= Work instruction =
Look through the material that follows and show every line with the string "Cherry".
****************************************
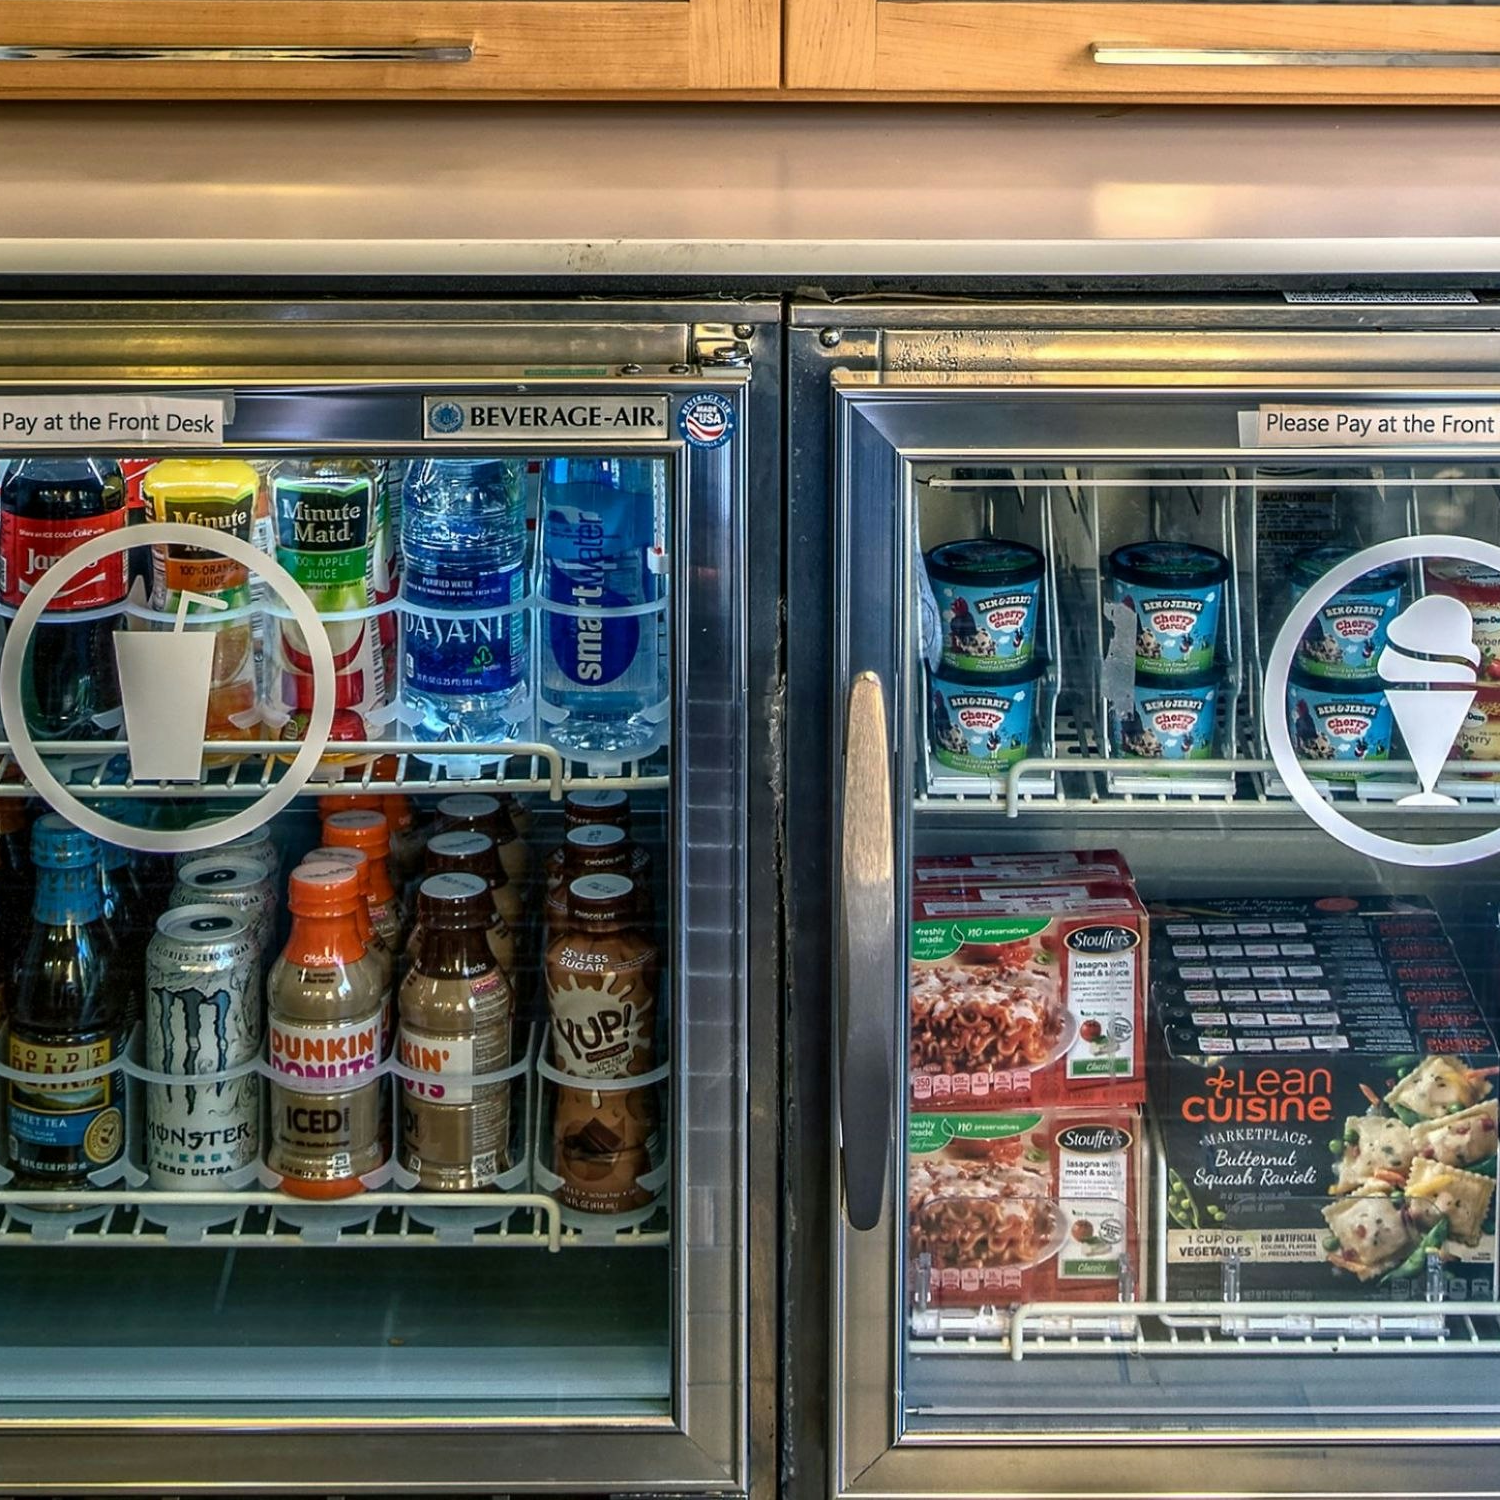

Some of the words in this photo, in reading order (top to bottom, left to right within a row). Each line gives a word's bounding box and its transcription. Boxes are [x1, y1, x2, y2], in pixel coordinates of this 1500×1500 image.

[470, 406, 657, 427] BEVERAGE-AIR
[698, 412, 722, 424] USA
[2, 413, 38, 436] Pay
[43, 415, 63, 431] at
[68, 413, 101, 431] the
[108, 412, 160, 432] Front
[166, 414, 215, 434] Desk
[1266, 413, 1330, 433] Please
[1336, 413, 1372, 437] Pay
[1377, 415, 1398, 433] at
[1403, 414, 1435, 433] the
[1442, 414, 1494, 434] Front
[282, 498, 361, 521] Minute
[293, 521, 351, 543] Maid
[316, 555, 351, 568] APPLE
[199, 562, 241, 576] ORANGE
[305, 567, 338, 580] JUICE
[196, 574, 227, 587] JUICE
[451, 579, 474, 590] WATER
[572, 511, 604, 681] smartwater
[988, 609, 1026, 622] Cherry
[1153, 613, 1196, 625] Cherry
[1335, 618, 1379, 631] Cherry
[915, 927, 946, 938] freshly
[967, 926, 983, 938] no
[919, 935, 944, 944] made
[1073, 930, 1131, 950] Stouffer's
[559, 957, 605, 972] SUGAR
[579, 953, 609, 963] LESS
[1075, 960, 1108, 970] lasagna
[1109, 960, 1129, 969] with
[1073, 969, 1096, 978] meat
[555, 1003, 633, 1060] YUP!
[270, 1026, 379, 1064] DUNKIN'
[1238, 1067, 1332, 1096] Lean
[1181, 1095, 1332, 1123] cuisine
[45, 1118, 67, 1129] TEA
[286, 1106, 343, 1136] ICED
[147, 1121, 252, 1150] MONSTER
[1065, 1130, 1122, 1149] Stouffer's
[1204, 1127, 1308, 1147] MARKETPLACE
[1214, 1147, 1297, 1167] Butternut
[156, 1164, 187, 1176] ZERO
[190, 1164, 233, 1177] ULTRA
[1066, 1160, 1100, 1170] lasagna
[1193, 1167, 1256, 1186] Squash
[1260, 1167, 1317, 1186] Ravioli
[1196, 1235, 1222, 1245] CUP
[1225, 1235, 1244, 1245] OF
[1260, 1233, 1273, 1243] NO
[1274, 1233, 1317, 1243] ARTIFICIAL
[1179, 1246, 1252, 1258] VEGETABLES
****************************************
= Exercise result =
[988, 609, 1026, 622] Cherry
[1153, 613, 1196, 625] Cherry
[1335, 618, 1379, 631] Cherry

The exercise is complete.